Bright

Et voilà que Netflix débarque avec ses gros sabots dans le monde du long-métrage blockbuster qui coûte plein de sous (dont une grande partie pour le salaire de Will Smith, m’est avis). Et avec un mélange de polar et de fantasy qui tente de nouer des trucs attirant plein de monde. Le résultat n’a rien de transcendant mais se laisse voir.

Le monde de Bright c’est un peu le nôtre, sauf qu’on y trouve en plus des Orcs, Elfes, Fées, de la magie etc. Un flic humain est contraint de prendre comme coéquipier le premier flic orc, rejeté par les siens parce que normalement les Orcs sont tous dans des gangs et font dans l’illégal (oui, tous, ce film ne fait pas dans la finesse ni dans la demi-mesure).
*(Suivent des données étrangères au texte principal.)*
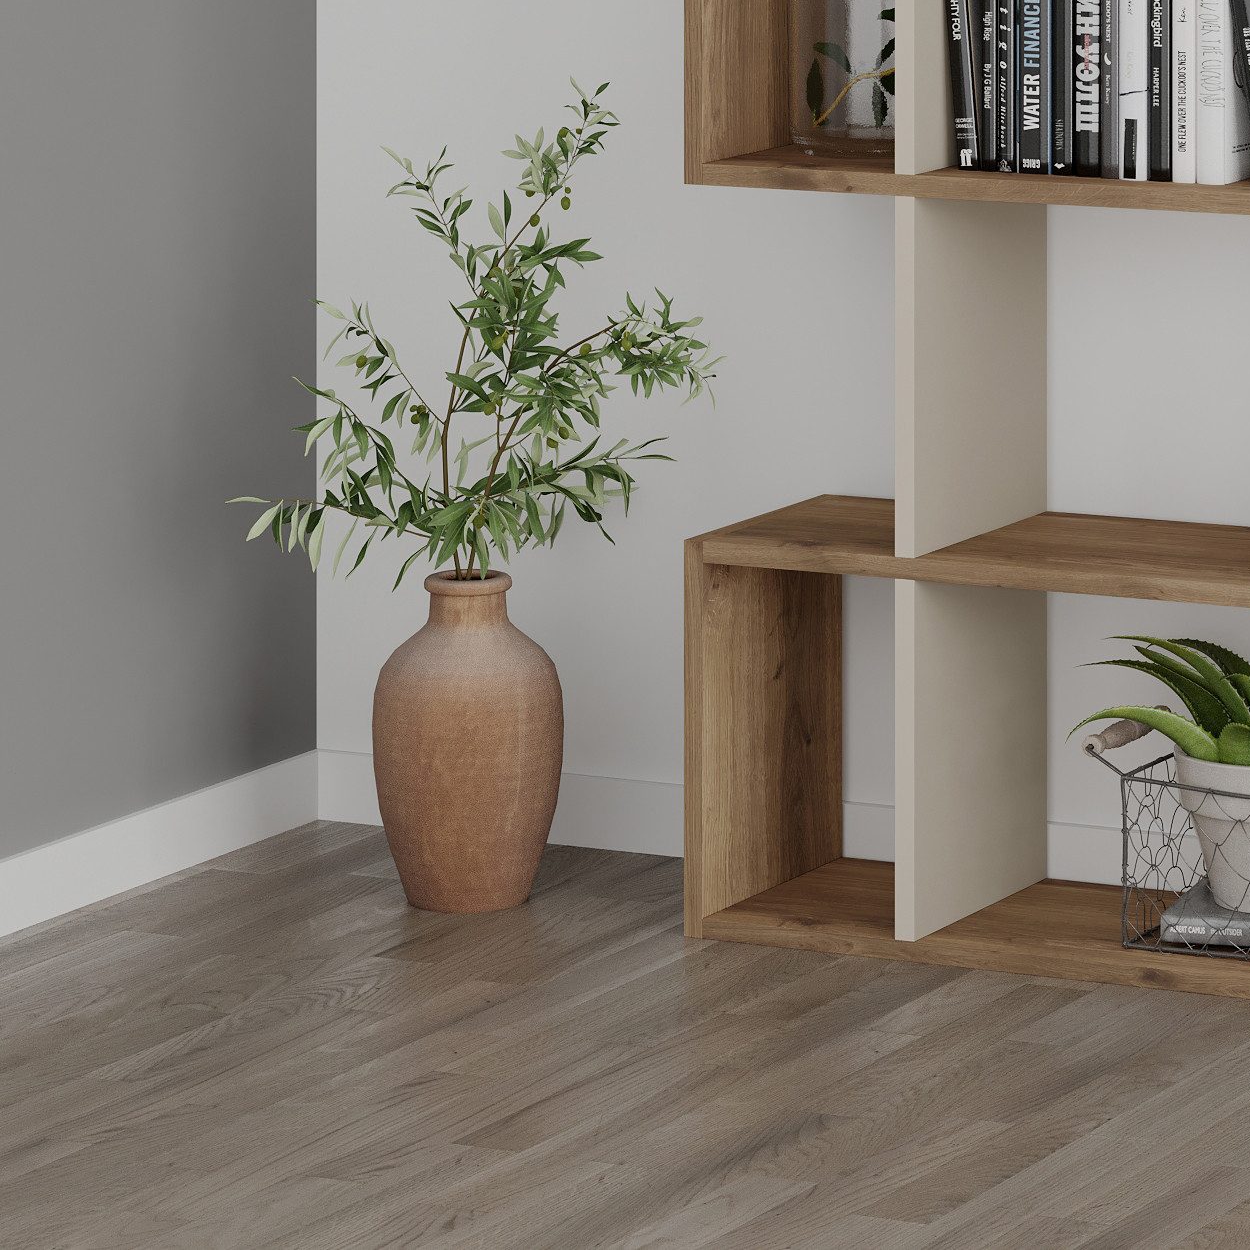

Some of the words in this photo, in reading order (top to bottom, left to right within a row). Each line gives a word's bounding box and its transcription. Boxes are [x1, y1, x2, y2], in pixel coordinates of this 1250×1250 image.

Au cours d’une intervention de base, ils vont se trouver mêlés évidemment à un truc qui les dépasse complètement puisqu’ils vont tomber sur une baguette magique, un objet magique très puissant mais que bien peu de personnes sont capables de manier sans mourir dans la seconde ; ces personnes on les appelles des Bright, et ce sont surtout des Elfes (oui, ceux qui sont riches, vivent dans de beaux quartiers et méprisent les autres races, oui à nouveau tous es Elfes) mais aussi on dit que parfois ça peut être un Humain. Et tout le monde va vouloir cet espèce de McGuffin de service pour pouvoir n’en faire qu’à sa guise (même si on rappelle tout le long que quasi tout le monde meurt rien qu’en la touchant) : flics véreux, Elfes maléfiques, Orcs sauvages,… Ça va faire du monde sur le dos de nos deux troufions qui vont tenter de sauver leur peau et le monde dans cette histoire.
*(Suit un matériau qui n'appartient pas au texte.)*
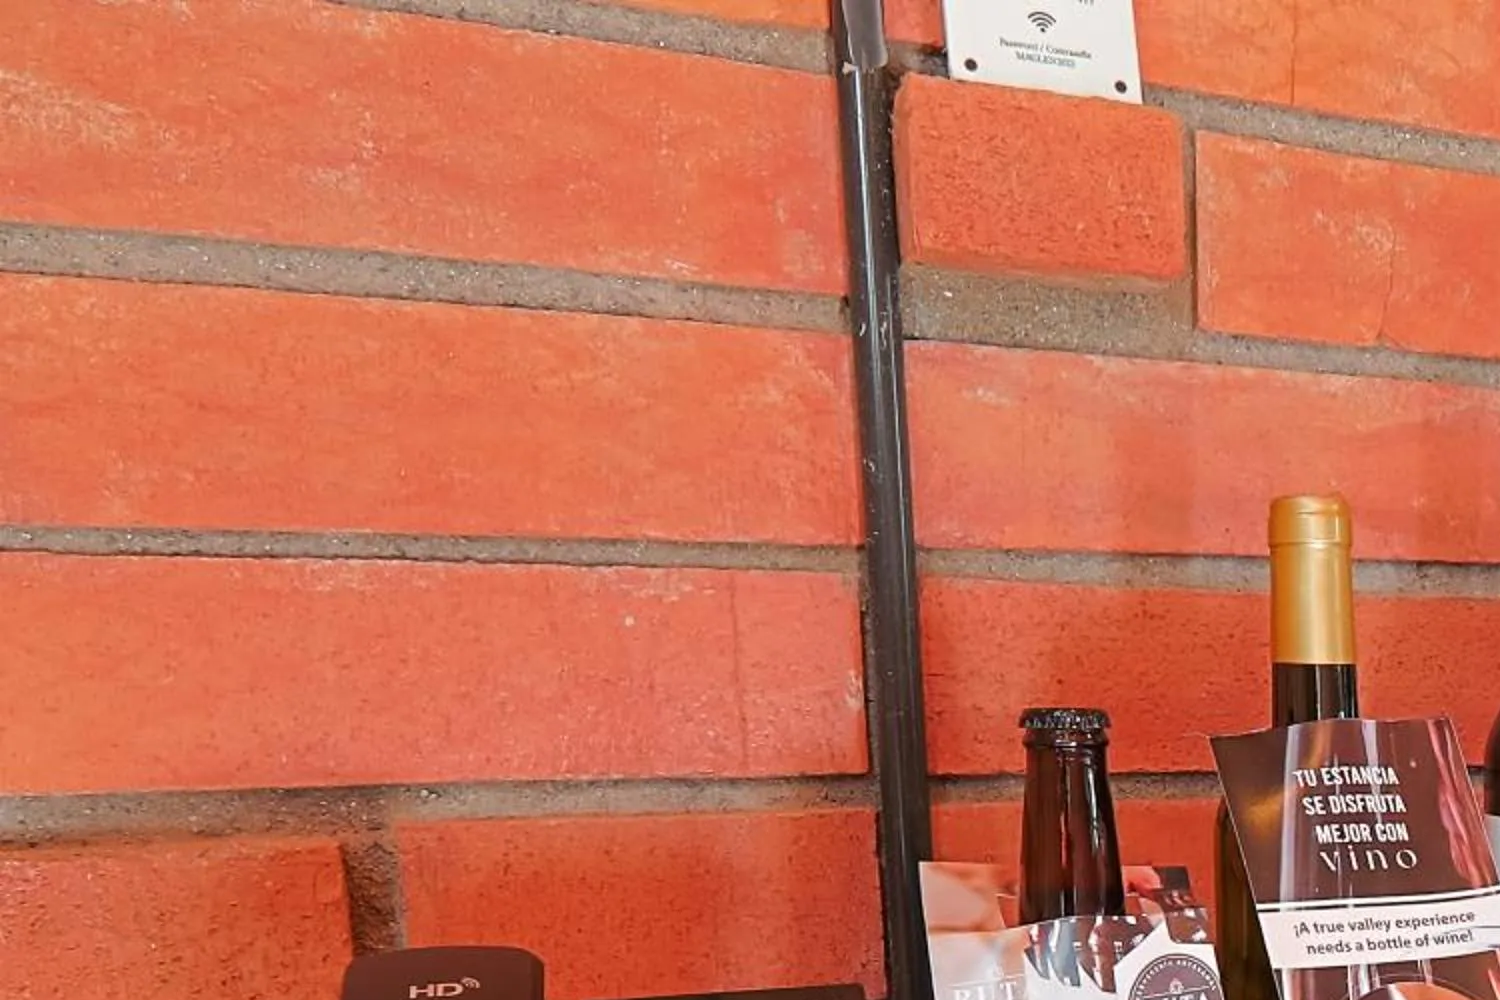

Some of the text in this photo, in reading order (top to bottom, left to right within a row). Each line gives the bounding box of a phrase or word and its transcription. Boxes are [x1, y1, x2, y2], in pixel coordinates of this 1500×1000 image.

Bright tente de se vendre avec son univers si particulier, mêlant notre monde à un univers de fantasy assez classique. Souvent comparé à une sorte de Shadowrun contemporain ; la comparaison est certes flatteuse pour le film mais n’est pas à la hauteur du jeu. Le monde de Bright reproduit en fait tout bêtement notre propre monde. Les Orcs des gangs sont juste le cliché de la population afro-américaine ou latino. Les Elfes sont juste la classe des riches coupés du monde réel avec les gated communities et tout le reste. Une parabole de notre société beaucoup trop simpliste et basique pour être bonne. Et finalement l’existence de ces races et de la magie depuis des millénaires aux côtés des Humains n’a strictement rien changé à l’évolution de la civilisation. On pourrait s’attendre à ce que ces éléments bouleversent quelque peu l’histoire de notre monde, qu’ils amènent des changement sociétaux et d’autres manières de voir les choses ; et ben non, que dalle, c’est juste posé là tel quel sans réfléchir aux incidences que cela peut avoir. Alors oui du coup le film se vend avec une morale contre le racisme et tout, mais tellement énorme, tellement basique, que ça ne prend guère. Et comme en plus on a là-dessus un scénario très convenu, et bien le film déçoit quelque peu. Parce que sur le papier, ce polar de fantasy urbaine avait tout pour plaire. Des bonnes idées, il y en a dans le fond, mais super mal exploitées.

Bright est un film de David Ayer, capable d’un grand écart artistique assez dingue allant du très bon Fury au pénible Suicide Squad en passant par le sympathique Sabotage. Et ce n’est pas ici qu’il démontre le meilleur de ses capacités. Le film est tellement lisse et plat que c’en est bien dommage. La mise en scène manque de rythme, et on peine à s’attacher aux personnages ou à se sentir pris dans les enjeux ou à suivre les motivations simplistes des protagonistes. Bien peu de moments de bravoure comme Ayer est pourtant capable d’en filmer, et c’est dommage. Devant la caméra, on a les deux buddy cops Will Smith (Men in Black, bad Boys, Je suis une légende, I Robot, Independance Day,…) et Joel Edgerton (The Thing, La Revanche des Sith,…) sous un gros maquillage d’Orc. Clichés, archétypiques, ce sont des personnages sans grande saveur, malgré toutes les tentatives de leurs interprètes pour leur donner plus de chair. A noter aussi les participations de Lucy Fry et Noomi Rapace (Prometheus, Millenium,…)

Bright est un peu le genre de film « piège médiatique », vendu à gros coups de promo. En plus une promo quasi faite pour moi : du Shadowrun en film, de la fantasy urbaine, une enquête, de l’action,… Sur le papier il avait tout pour lui. Au final ce n’est qu’un polar mettant d’autres noms et du maquillage sur des archétypes déjà usés jusqu’à la corde, avec un McGuffin trop gros pour être vrai, et des trous scénaristiques incroyablement nombreux.  Rien de bien fou là-dedans donc.